RECORDS SHOWN |
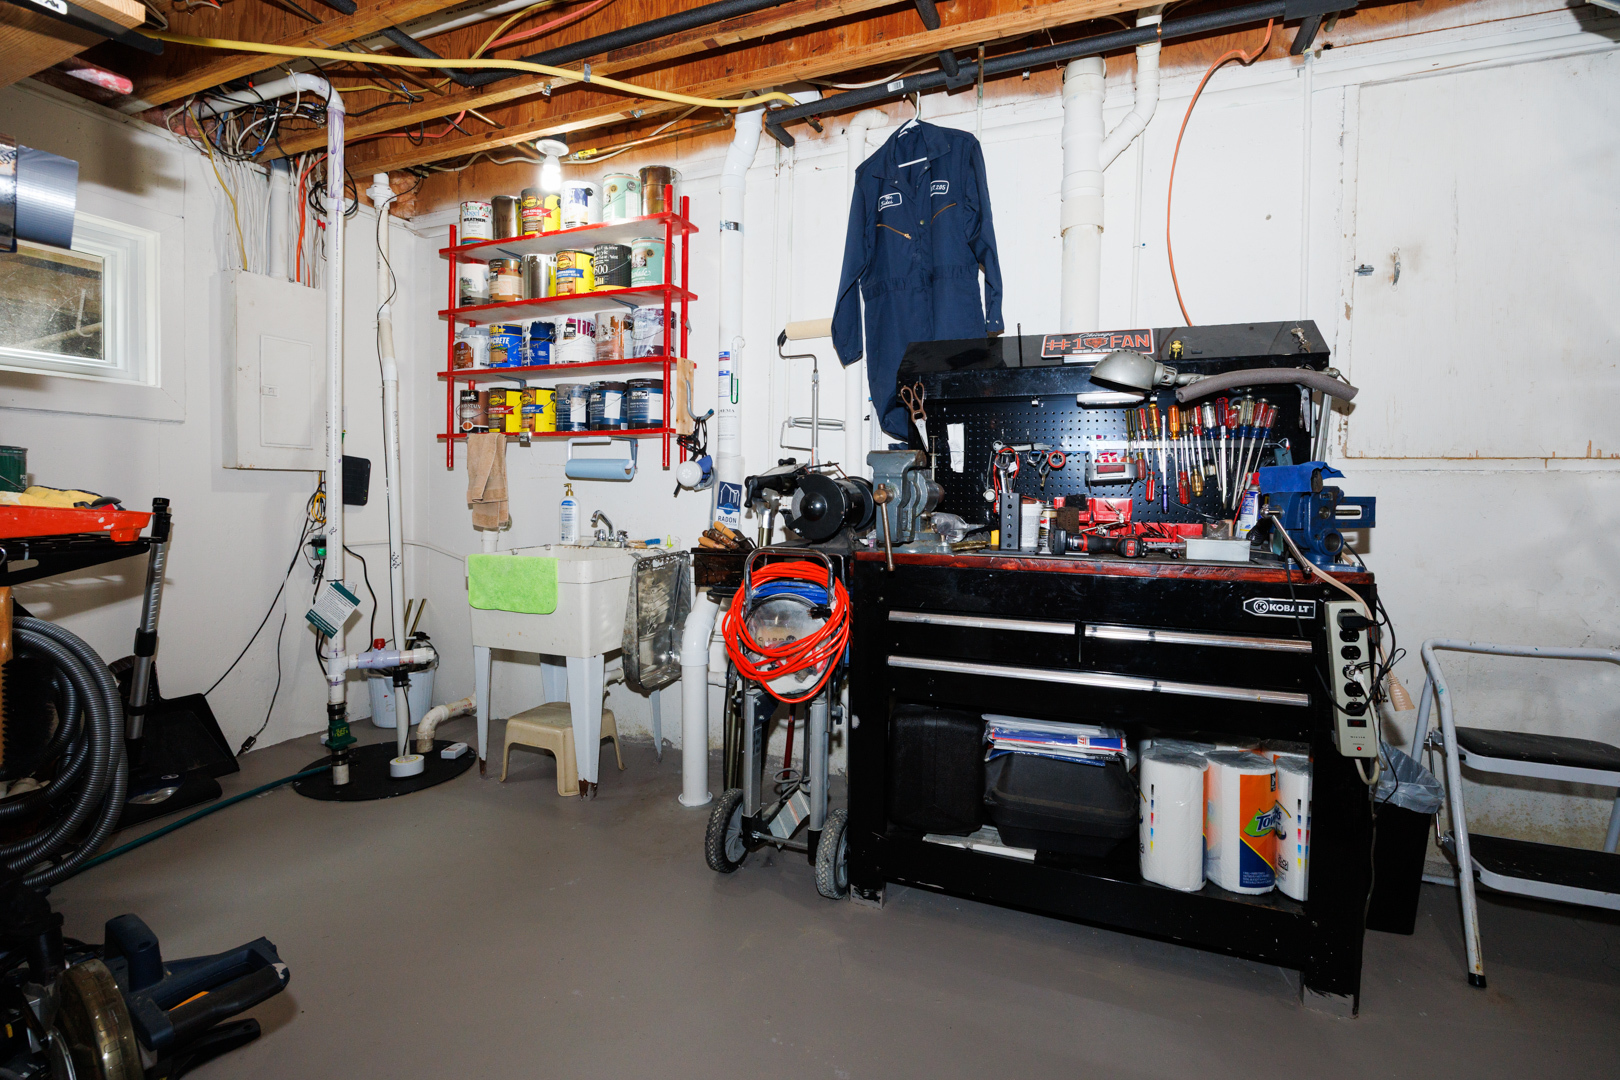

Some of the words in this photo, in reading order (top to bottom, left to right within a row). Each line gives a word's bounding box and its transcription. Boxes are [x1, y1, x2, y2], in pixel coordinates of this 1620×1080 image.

[1046, 338, 1085, 350] #1
[1109, 334, 1150, 349] FAN
[718, 515, 737, 523] RADON
[1269, 603, 1310, 613] KOBALT

ASSIGNMENT |
Reproduce every record above word for word. Leave the pictures out.

RESULT OF THIS TASK |
Some of the words in this photo, in reading order (top to bottom, left to right within a row). Each line gives a word's bounding box and its transcription. Boxes are [x1, y1, x2, y2], in pixel coordinates of this 1620×1080 image.

[1046, 338, 1085, 350] #1
[1109, 334, 1150, 349] FAN
[718, 515, 737, 523] RADON
[1269, 603, 1310, 613] KOBALT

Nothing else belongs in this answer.